Integration & Extensibility
The application exposes a webhooks system that can forward delivery status and inbound message events to external services. Its modular design means the core mail processing logic can be imported into other Go projects; many of its non‑server packages are intentionally reusable. The configuration API and web UI allow runtime changes without restarting, which is invaluable for rapid iteration in development environments.
Developer Experience
- Zero External Dependencies: No need to install Postfix, Dovecot, or other mail daemons; everything is bundled.
- Clear Documentation: The source includes RFC‑referenced comments and a comprehensive README; the website hosts a detailed feature list and roadmap.
- Active Community: MIT licensing encourages contribution, and the project’s GitHub repository is actively maintained with frequent releases.
- Testing: Extensive unit, integration, and fuzz tests provide confidence that changes do not regress core protocols.
Use Cases
- Private SaaS Email Service – A startup can deploy Mox to provide secure, self‑hosted email for its users, leveraging the API for transactional mail while keeping full control over data.
- Enterprise In‑House Mail Server – Organizations that require strict compliance can run Mox on their own infrastructure, benefiting from built‑in DMARC and DANE support.
- Developer Sandbox – The
mox localservesubcommand allows developers to test email flows locally without hitting external SMTP providers. - Hybrid Cloud – Mox can act as an edge server that forwards mail to a cloud provider, combining local control with external deliverability.
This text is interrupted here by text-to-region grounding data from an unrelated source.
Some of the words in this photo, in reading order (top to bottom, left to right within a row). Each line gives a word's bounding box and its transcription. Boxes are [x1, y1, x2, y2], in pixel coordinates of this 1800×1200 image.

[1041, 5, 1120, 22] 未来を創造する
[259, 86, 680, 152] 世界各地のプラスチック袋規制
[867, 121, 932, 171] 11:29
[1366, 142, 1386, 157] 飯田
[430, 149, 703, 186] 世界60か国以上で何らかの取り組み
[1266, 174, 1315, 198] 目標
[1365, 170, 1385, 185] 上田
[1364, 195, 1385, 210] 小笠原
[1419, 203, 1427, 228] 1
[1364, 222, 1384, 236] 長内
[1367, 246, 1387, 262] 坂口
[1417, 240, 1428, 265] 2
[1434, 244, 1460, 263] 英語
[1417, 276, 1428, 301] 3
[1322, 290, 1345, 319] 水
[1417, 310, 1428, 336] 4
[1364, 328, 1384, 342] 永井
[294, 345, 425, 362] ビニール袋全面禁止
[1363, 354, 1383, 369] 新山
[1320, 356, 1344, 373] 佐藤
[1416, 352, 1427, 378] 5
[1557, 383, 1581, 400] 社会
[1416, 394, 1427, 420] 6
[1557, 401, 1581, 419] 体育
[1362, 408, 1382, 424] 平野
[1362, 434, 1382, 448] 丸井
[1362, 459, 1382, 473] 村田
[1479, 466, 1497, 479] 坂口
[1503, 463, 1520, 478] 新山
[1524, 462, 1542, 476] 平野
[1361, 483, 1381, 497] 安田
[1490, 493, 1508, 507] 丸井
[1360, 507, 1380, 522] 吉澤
Advantages Over Alternatives
- Performance & Simplicity: A single Go binary eliminates the overhead of multiple daemons; the code is lean and well‑tested.
- Security by Design: Automatic TLS, strict authentication checks, and reputation‑based throttling reduce the attack surface.
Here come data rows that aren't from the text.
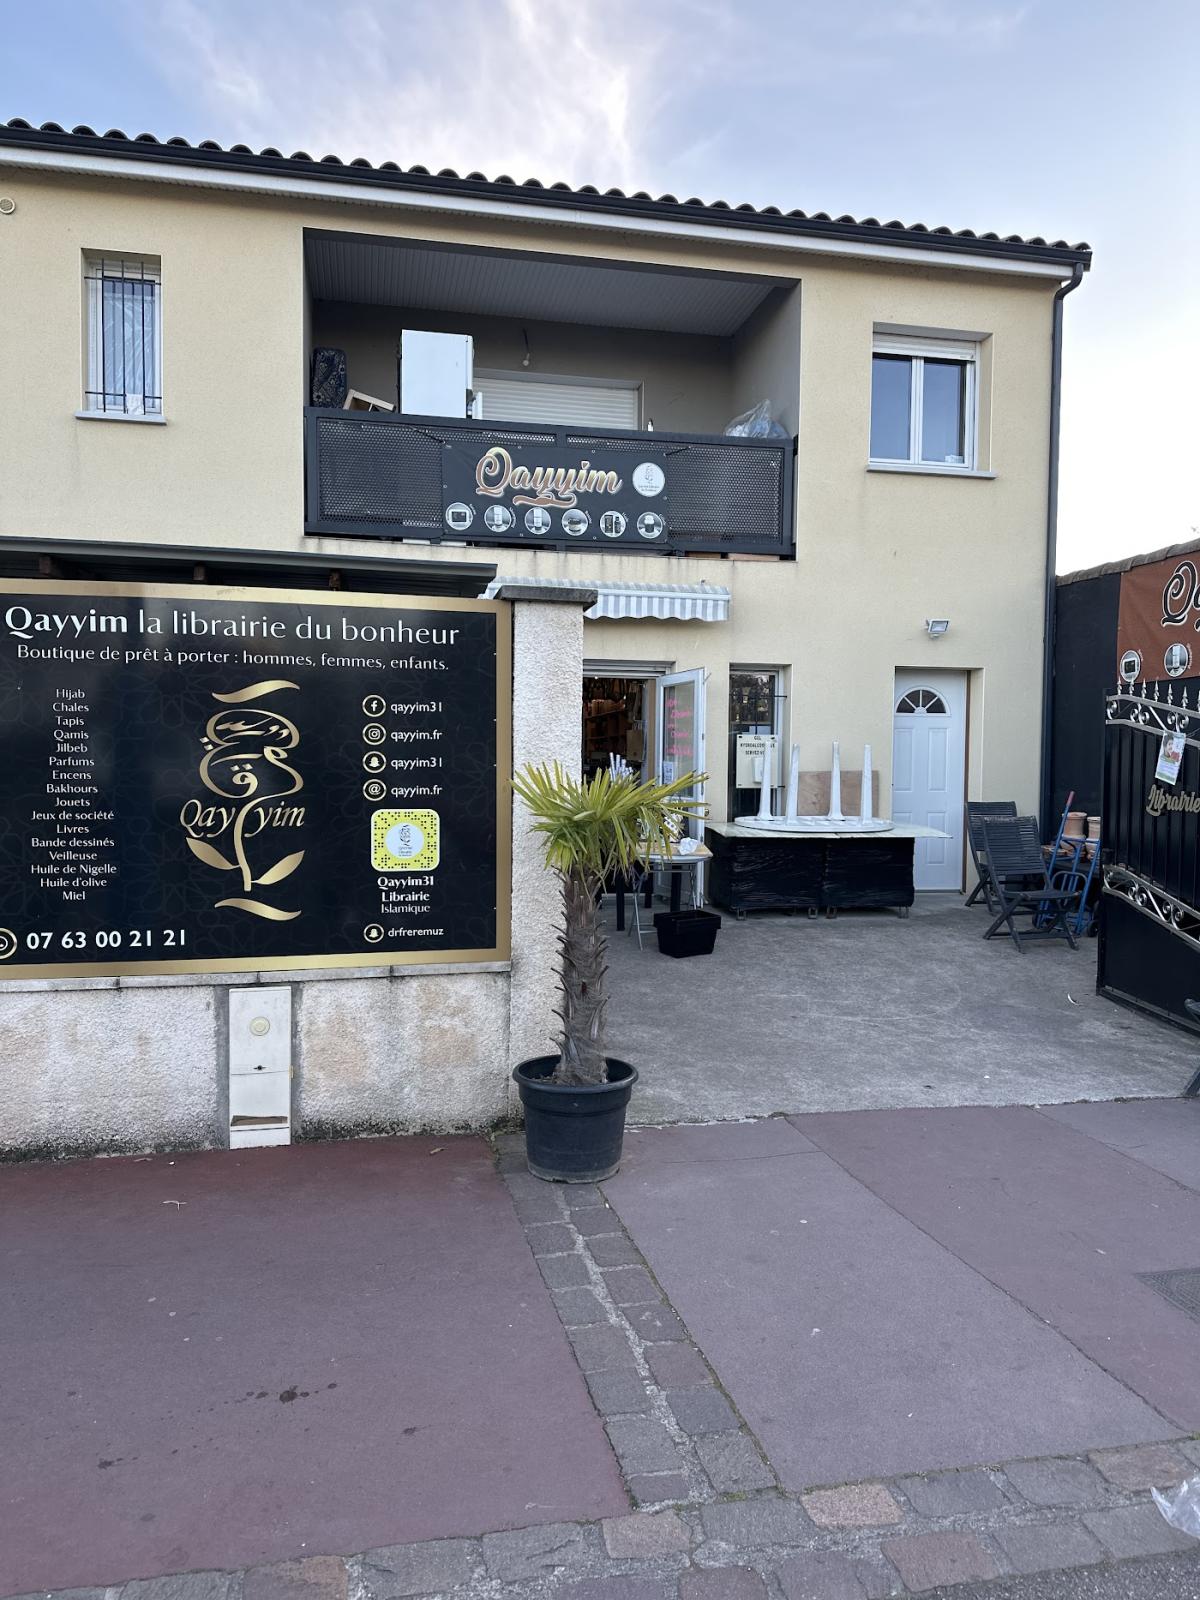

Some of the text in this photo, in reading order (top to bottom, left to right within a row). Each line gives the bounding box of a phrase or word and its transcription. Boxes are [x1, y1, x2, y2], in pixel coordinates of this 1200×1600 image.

[475, 446, 623, 508] Qayyim
[5, 606, 460, 645] Qayyim la librairie du bonheur
[17, 644, 95, 663] Boutique
[99, 646, 120, 661] de
[125, 648, 159, 664] prêt
[163, 648, 173, 662] à
[177, 650, 230, 665] porter
[243, 650, 316, 667] hommes,
[321, 653, 386, 670] femmes,
[390, 655, 449, 671] enfants.
[56, 689, 86, 701] Hijab
[52, 702, 90, 712] Chales
[390, 701, 442, 714] qayyim31
[55, 715, 85, 728] Tapis
[53, 729, 90, 742] Qamis
[390, 729, 443, 742] qayyim.fr
[55, 743, 88, 753] Jilbeb
[49, 756, 95, 766] Parfums
[390, 757, 442, 770] qayyim31
[52, 770, 92, 780] Encens
[46, 783, 99, 793] Bakhours
[390, 785, 443, 798] qayyim.fr
[55, 797, 91, 807] Jouets
[1146, 784, 1200, 816] Librairie
[31, 810, 115, 820] Jeux de société
[56, 824, 90, 834] Livres
[31, 837, 115, 848] Bande dessinés
[49, 851, 98, 861] Veilleuse
[31, 863, 117, 876] Huile de Nigelle
[40, 878, 70, 888] Huile
[377, 876, 434, 890] Qayyim31
[62, 891, 86, 901] Miel
[381, 891, 430, 902] Librairie
[381, 903, 431, 915] Islamique
[387, 928, 444, 937] drfreremuz
[26, 929, 185, 950] 07 63 00 21 21
- Licensing & Freedom: MIT license permits commercial use without copyleft constraints, unlike some open‑source mail servers.
- Developer‑Friendly Extensibility: Reusable Go packages and a programmable API make it easier to integrate Mox into existing tooling compared to more monolithic solutions.
Mox thus offers developers a complete, secure, and highly extensible email stack that can be deployed with minimal operational burden while still exposing powerful hooks for customization and automation.